● **Action item**
The complete data, repeated exactly, should form your response.

● **Extracted data**
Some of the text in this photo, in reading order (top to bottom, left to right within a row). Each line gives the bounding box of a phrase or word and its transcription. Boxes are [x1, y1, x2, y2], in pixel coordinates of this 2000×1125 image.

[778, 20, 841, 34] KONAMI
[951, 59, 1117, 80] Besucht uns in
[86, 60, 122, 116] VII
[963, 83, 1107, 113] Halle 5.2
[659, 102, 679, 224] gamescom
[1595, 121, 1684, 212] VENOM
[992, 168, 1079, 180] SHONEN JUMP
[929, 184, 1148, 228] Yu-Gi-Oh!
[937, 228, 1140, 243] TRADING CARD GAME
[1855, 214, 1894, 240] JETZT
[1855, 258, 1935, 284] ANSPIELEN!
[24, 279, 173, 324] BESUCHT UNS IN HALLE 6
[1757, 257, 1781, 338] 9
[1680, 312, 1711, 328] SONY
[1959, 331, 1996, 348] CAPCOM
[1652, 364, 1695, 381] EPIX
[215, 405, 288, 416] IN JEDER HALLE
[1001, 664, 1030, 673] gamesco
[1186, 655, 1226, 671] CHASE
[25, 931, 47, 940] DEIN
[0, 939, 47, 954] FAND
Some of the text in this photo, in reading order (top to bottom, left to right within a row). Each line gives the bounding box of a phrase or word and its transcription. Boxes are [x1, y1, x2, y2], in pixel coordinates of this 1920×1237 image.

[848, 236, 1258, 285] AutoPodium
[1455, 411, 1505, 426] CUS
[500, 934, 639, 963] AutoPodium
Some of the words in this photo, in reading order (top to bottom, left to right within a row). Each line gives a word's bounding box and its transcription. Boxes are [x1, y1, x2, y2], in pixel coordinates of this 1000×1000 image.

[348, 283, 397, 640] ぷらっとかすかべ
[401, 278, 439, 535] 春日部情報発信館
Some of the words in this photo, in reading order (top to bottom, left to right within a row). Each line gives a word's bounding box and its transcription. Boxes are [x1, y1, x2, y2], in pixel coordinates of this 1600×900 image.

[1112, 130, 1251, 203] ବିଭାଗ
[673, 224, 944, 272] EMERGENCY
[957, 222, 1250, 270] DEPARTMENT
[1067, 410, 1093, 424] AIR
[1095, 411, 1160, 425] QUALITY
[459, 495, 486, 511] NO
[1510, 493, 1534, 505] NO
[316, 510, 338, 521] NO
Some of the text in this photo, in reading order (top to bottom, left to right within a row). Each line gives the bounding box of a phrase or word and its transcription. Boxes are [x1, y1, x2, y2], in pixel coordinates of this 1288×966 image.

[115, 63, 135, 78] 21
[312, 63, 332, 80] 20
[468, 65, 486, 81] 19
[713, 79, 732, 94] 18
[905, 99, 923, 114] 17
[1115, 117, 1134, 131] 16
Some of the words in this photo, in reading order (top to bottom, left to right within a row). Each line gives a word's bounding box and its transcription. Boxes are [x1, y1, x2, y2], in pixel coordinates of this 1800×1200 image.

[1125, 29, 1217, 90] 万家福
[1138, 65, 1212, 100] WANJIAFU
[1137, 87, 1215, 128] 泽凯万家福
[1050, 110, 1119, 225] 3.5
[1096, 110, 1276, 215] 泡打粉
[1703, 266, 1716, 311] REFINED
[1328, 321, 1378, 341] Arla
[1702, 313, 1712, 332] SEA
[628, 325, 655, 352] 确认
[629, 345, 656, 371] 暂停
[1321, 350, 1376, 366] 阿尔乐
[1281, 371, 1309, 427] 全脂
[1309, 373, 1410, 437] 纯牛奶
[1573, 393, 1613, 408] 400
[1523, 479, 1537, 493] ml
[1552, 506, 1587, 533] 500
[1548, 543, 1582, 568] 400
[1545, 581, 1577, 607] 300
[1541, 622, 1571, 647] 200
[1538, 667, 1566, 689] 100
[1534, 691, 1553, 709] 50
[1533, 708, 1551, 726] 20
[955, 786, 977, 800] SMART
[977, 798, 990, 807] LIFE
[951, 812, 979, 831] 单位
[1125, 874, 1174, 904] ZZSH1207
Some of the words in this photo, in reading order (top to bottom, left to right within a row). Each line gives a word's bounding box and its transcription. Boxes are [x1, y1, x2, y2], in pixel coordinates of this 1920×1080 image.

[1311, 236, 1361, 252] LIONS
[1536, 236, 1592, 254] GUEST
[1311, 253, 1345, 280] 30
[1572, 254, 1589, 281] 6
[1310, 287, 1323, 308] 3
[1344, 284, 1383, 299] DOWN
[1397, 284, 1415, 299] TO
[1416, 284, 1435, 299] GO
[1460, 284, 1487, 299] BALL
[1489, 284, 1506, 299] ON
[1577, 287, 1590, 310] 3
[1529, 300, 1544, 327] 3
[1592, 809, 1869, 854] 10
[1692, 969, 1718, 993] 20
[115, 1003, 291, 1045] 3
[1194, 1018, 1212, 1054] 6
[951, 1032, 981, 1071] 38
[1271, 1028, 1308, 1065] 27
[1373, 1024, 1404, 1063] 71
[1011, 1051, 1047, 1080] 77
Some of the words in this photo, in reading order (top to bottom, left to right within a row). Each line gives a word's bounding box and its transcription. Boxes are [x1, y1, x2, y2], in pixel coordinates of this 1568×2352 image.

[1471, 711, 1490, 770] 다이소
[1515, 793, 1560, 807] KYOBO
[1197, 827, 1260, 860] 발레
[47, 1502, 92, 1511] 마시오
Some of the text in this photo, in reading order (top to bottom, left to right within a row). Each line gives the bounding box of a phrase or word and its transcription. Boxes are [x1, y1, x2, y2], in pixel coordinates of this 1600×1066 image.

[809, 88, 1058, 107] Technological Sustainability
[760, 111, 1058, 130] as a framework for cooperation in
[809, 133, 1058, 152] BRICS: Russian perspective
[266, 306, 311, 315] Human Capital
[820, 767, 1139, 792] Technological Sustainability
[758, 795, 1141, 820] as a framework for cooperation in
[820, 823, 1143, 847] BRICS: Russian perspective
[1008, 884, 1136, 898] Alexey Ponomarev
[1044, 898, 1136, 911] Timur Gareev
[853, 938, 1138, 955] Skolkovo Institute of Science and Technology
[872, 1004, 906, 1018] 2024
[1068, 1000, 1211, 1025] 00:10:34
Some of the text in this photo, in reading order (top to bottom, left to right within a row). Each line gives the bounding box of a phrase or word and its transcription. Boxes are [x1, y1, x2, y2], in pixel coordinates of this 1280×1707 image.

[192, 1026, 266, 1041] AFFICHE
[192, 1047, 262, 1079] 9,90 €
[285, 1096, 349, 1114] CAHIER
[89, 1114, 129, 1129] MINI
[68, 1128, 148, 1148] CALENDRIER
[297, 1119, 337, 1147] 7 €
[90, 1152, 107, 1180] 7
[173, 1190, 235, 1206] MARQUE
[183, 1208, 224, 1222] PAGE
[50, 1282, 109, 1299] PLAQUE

● **Answer for this exercise**
Some of the text in this photo, in reading order (top to bottom, left to right within a row). Each line gives the bounding box of a phrase or word and its transcription. Boxes are [x1, y1, x2, y2], in pixel coordinates of this 2000×1125 image.

[778, 20, 841, 34] KONAMI
[951, 59, 1117, 80] Besucht uns in
[86, 60, 122, 116] VII
[963, 83, 1107, 113] Halle 5.2
[659, 102, 679, 224] gamescom
[1595, 121, 1684, 212] VENOM
[992, 168, 1079, 180] SHONEN JUMP
[929, 184, 1148, 228] Yu-Gi-Oh!
[937, 228, 1140, 243] TRADING CARD GAME
[1855, 214, 1894, 240] JETZT
[1855, 258, 1935, 284] ANSPIELEN!
[24, 279, 173, 324] BESUCHT UNS IN HALLE 6
[1757, 257, 1781, 338] 9
[1680, 312, 1711, 328] SONY
[1959, 331, 1996, 348] CAPCOM
[1652, 364, 1695, 381] EPIX
[215, 405, 288, 416] IN JEDER HALLE
[1001, 664, 1030, 673] gamesco
[1186, 655, 1226, 671] CHASE
[25, 931, 47, 940] DEIN
[0, 939, 47, 954] FAND
Some of the text in this photo, in reading order (top to bottom, left to right within a row). Each line gives the bounding box of a phrase or word and its transcription. Boxes are [x1, y1, x2, y2], in pixel coordinates of this 1920×1237 image.

[848, 236, 1258, 285] AutoPodium
[1455, 411, 1505, 426] CUS
[500, 934, 639, 963] AutoPodium
Some of the words in this photo, in reading order (top to bottom, left to right within a row). Each line gives a word's bounding box and its transcription. Boxes are [x1, y1, x2, y2], in pixel coordinates of this 1000×1000 image.

[348, 283, 397, 640] ぷらっとかすかべ
[401, 278, 439, 535] 春日部情報発信館
Some of the words in this photo, in reading order (top to bottom, left to right within a row). Each line gives a word's bounding box and its transcription. Boxes are [x1, y1, x2, y2], in pixel coordinates of this 1600×900 image.

[1112, 130, 1251, 203] ବିଭାଗ
[673, 224, 944, 272] EMERGENCY
[957, 222, 1250, 270] DEPARTMENT
[1067, 410, 1093, 424] AIR
[1095, 411, 1160, 425] QUALITY
[459, 495, 486, 511] NO
[1510, 493, 1534, 505] NO
[316, 510, 338, 521] NO
Some of the text in this photo, in reading order (top to bottom, left to right within a row). Each line gives the bounding box of a phrase or word and its transcription. Boxes are [x1, y1, x2, y2], in pixel coordinates of this 1288×966 image.

[115, 63, 135, 78] 21
[312, 63, 332, 80] 20
[468, 65, 486, 81] 19
[713, 79, 732, 94] 18
[905, 99, 923, 114] 17
[1115, 117, 1134, 131] 16
Some of the words in this photo, in reading order (top to bottom, left to right within a row). Each line gives a word's bounding box and its transcription. Boxes are [x1, y1, x2, y2], in pixel coordinates of this 1800×1200 image.

[1125, 29, 1217, 90] 万家福
[1138, 65, 1212, 100] WANJIAFU
[1137, 87, 1215, 128] 泽凯万家福
[1050, 110, 1119, 225] 3.5
[1096, 110, 1276, 215] 泡打粉
[1703, 266, 1716, 311] REFINED
[1328, 321, 1378, 341] Arla
[1702, 313, 1712, 332] SEA
[628, 325, 655, 352] 确认
[629, 345, 656, 371] 暂停
[1321, 350, 1376, 366] 阿尔乐
[1281, 371, 1309, 427] 全脂
[1309, 373, 1410, 437] 纯牛奶
[1573, 393, 1613, 408] 400
[1523, 479, 1537, 493] ml
[1552, 506, 1587, 533] 500
[1548, 543, 1582, 568] 400
[1545, 581, 1577, 607] 300
[1541, 622, 1571, 647] 200
[1538, 667, 1566, 689] 100
[1534, 691, 1553, 709] 50
[1533, 708, 1551, 726] 20
[955, 786, 977, 800] SMART
[977, 798, 990, 807] LIFE
[951, 812, 979, 831] 单位
[1125, 874, 1174, 904] ZZSH1207
Some of the words in this photo, in reading order (top to bottom, left to right within a row). Each line gives a word's bounding box and its transcription. Boxes are [x1, y1, x2, y2], in pixel coordinates of this 1920×1080 image.

[1311, 236, 1361, 252] LIONS
[1536, 236, 1592, 254] GUEST
[1311, 253, 1345, 280] 30
[1572, 254, 1589, 281] 6
[1310, 287, 1323, 308] 3
[1344, 284, 1383, 299] DOWN
[1397, 284, 1415, 299] TO
[1416, 284, 1435, 299] GO
[1460, 284, 1487, 299] BALL
[1489, 284, 1506, 299] ON
[1577, 287, 1590, 310] 3
[1529, 300, 1544, 327] 3
[1592, 809, 1869, 854] 10
[1692, 969, 1718, 993] 20
[115, 1003, 291, 1045] 3
[1194, 1018, 1212, 1054] 6
[951, 1032, 981, 1071] 38
[1271, 1028, 1308, 1065] 27
[1373, 1024, 1404, 1063] 71
[1011, 1051, 1047, 1080] 77
Some of the words in this photo, in reading order (top to bottom, left to right within a row). Each line gives a word's bounding box and its transcription. Boxes are [x1, y1, x2, y2], in pixel coordinates of this 1568×2352 image.

[1471, 711, 1490, 770] 다이소
[1515, 793, 1560, 807] KYOBO
[1197, 827, 1260, 860] 발레
[47, 1502, 92, 1511] 마시오
Some of the text in this photo, in reading order (top to bottom, left to right within a row). Each line gives the bounding box of a phrase or word and its transcription. Boxes are [x1, y1, x2, y2], in pixel coordinates of this 1600×1066 image.

[809, 88, 1058, 107] Technological Sustainability
[760, 111, 1058, 130] as a framework for cooperation in
[809, 133, 1058, 152] BRICS: Russian perspective
[266, 306, 311, 315] Human Capital
[820, 767, 1139, 792] Technological Sustainability
[758, 795, 1141, 820] as a framework for cooperation in
[820, 823, 1143, 847] BRICS: Russian perspective
[1008, 884, 1136, 898] Alexey Ponomarev
[1044, 898, 1136, 911] Timur Gareev
[853, 938, 1138, 955] Skolkovo Institute of Science and Technology
[872, 1004, 906, 1018] 2024
[1068, 1000, 1211, 1025] 00:10:34
Some of the text in this photo, in reading order (top to bottom, left to right within a row). Each line gives the bounding box of a phrase or word and its transcription. Boxes are [x1, y1, x2, y2], in pixel coordinates of this 1280×1707 image.

[192, 1026, 266, 1041] AFFICHE
[192, 1047, 262, 1079] 9,90 €
[285, 1096, 349, 1114] CAHIER
[89, 1114, 129, 1129] MINI
[68, 1128, 148, 1148] CALENDRIER
[297, 1119, 337, 1147] 7 €
[90, 1152, 107, 1180] 7
[173, 1190, 235, 1206] MARQUE
[183, 1208, 224, 1222] PAGE
[50, 1282, 109, 1299] PLAQUE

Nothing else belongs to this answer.